Stored data entries:
********************
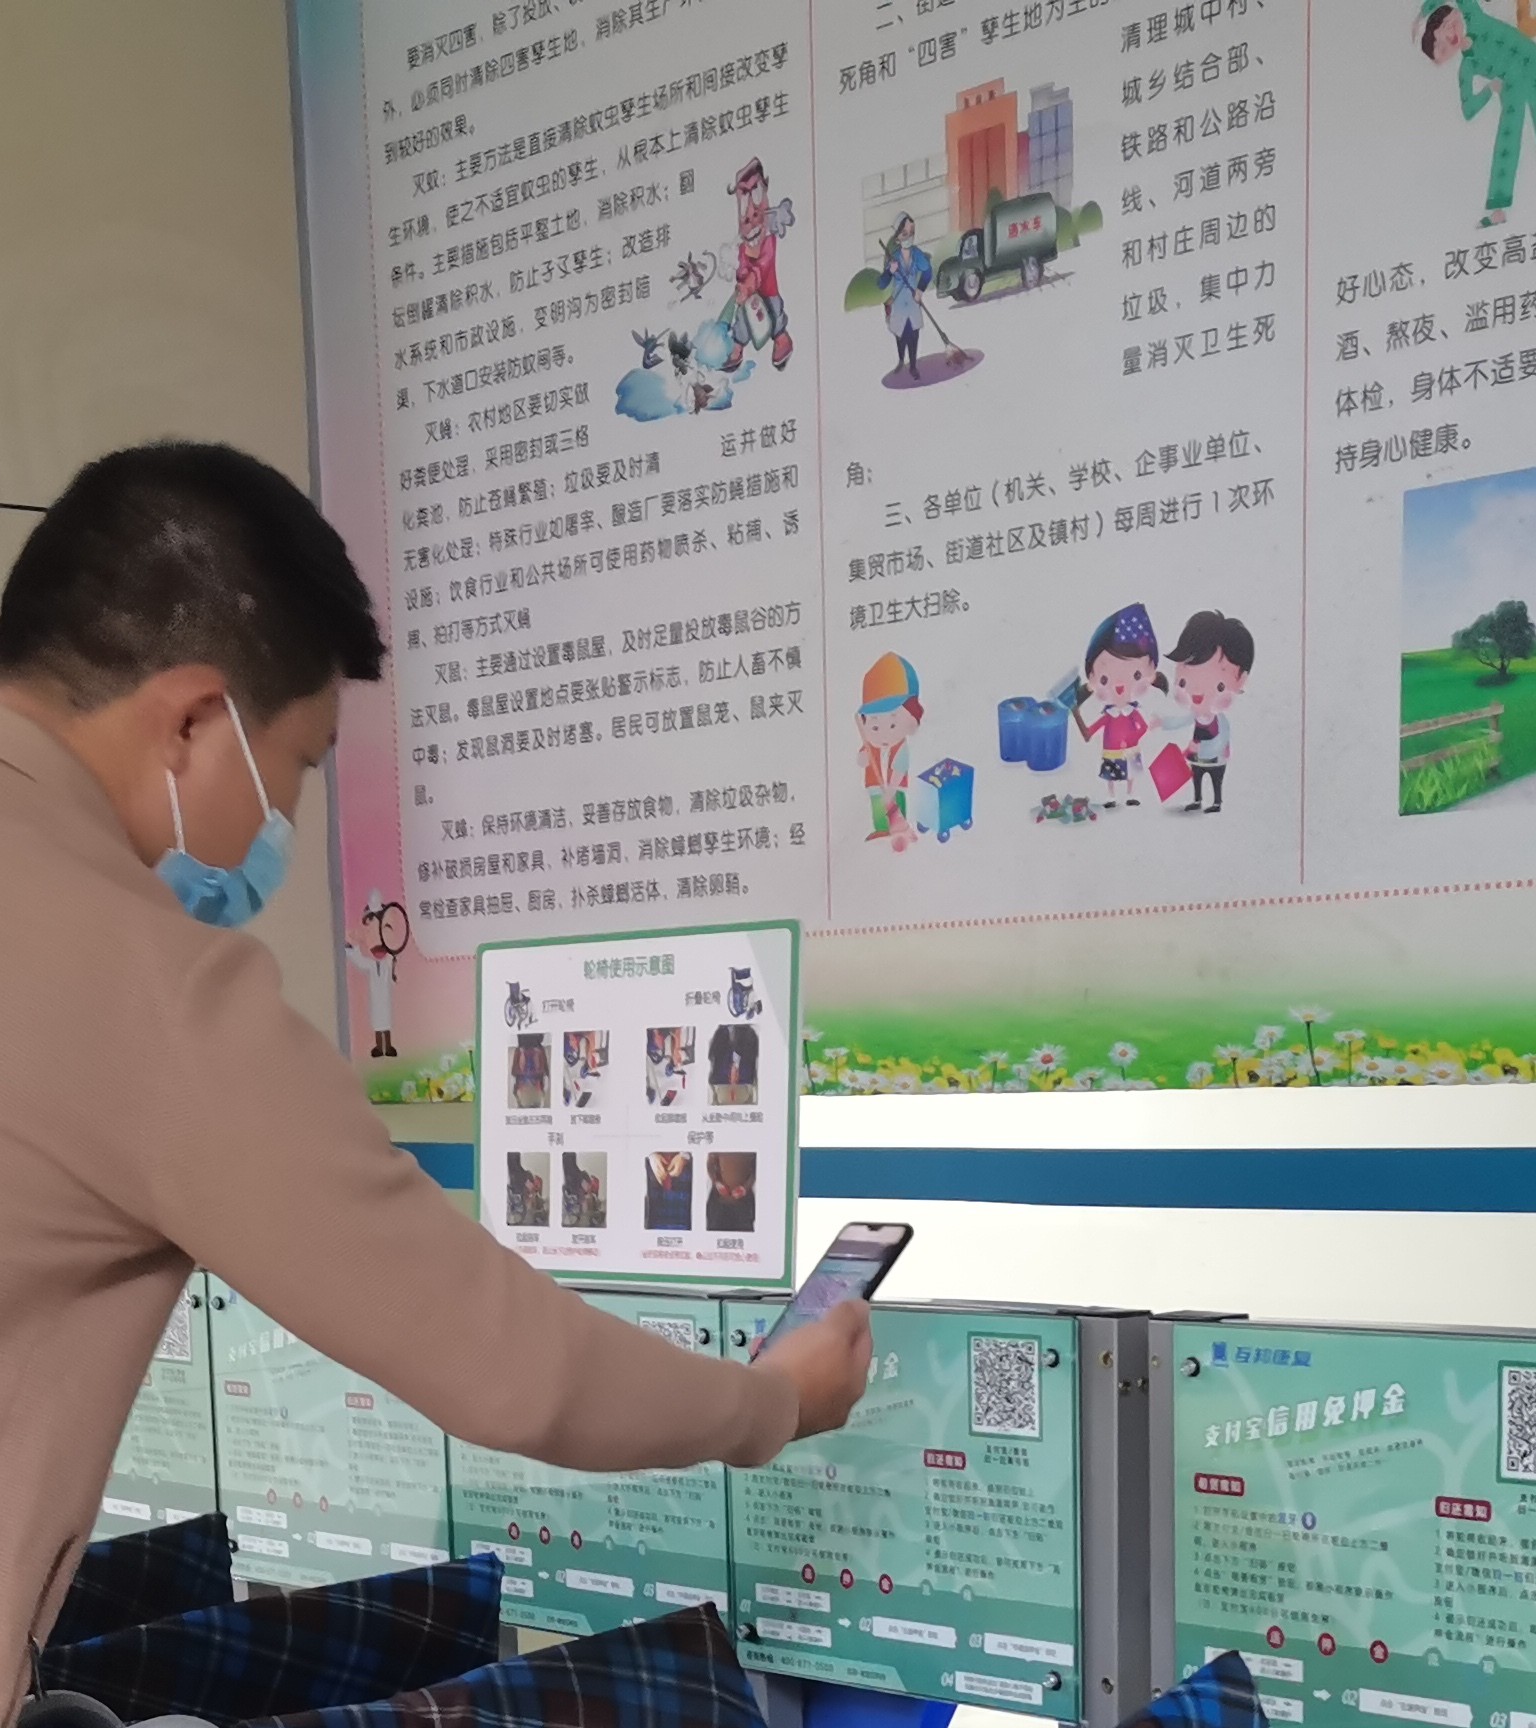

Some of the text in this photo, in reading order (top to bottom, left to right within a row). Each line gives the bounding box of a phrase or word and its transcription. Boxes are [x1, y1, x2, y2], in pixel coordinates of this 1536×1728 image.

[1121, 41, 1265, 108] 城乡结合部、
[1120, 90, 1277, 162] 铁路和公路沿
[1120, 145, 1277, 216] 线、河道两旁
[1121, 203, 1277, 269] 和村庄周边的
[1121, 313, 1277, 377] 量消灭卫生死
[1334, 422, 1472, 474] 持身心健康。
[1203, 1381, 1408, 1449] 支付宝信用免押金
********************
== Task statement ==
Nothing but an exact repeat of the records, pictures excluded, belongs in the answer.

== Answer for the task ==
Some of the text in this photo, in reading order (top to bottom, left to right within a row). Each line gives the bounding box of a phrase or word and its transcription. Boxes are [x1, y1, x2, y2], in pixel coordinates of this 1536×1728 image.

[1121, 41, 1265, 108] 城乡结合部、
[1120, 90, 1277, 162] 铁路和公路沿
[1120, 145, 1277, 216] 线、河道两旁
[1121, 203, 1277, 269] 和村庄周边的
[1121, 313, 1277, 377] 量消灭卫生死
[1334, 422, 1472, 474] 持身心健康。
[1203, 1381, 1408, 1449] 支付宝信用免押金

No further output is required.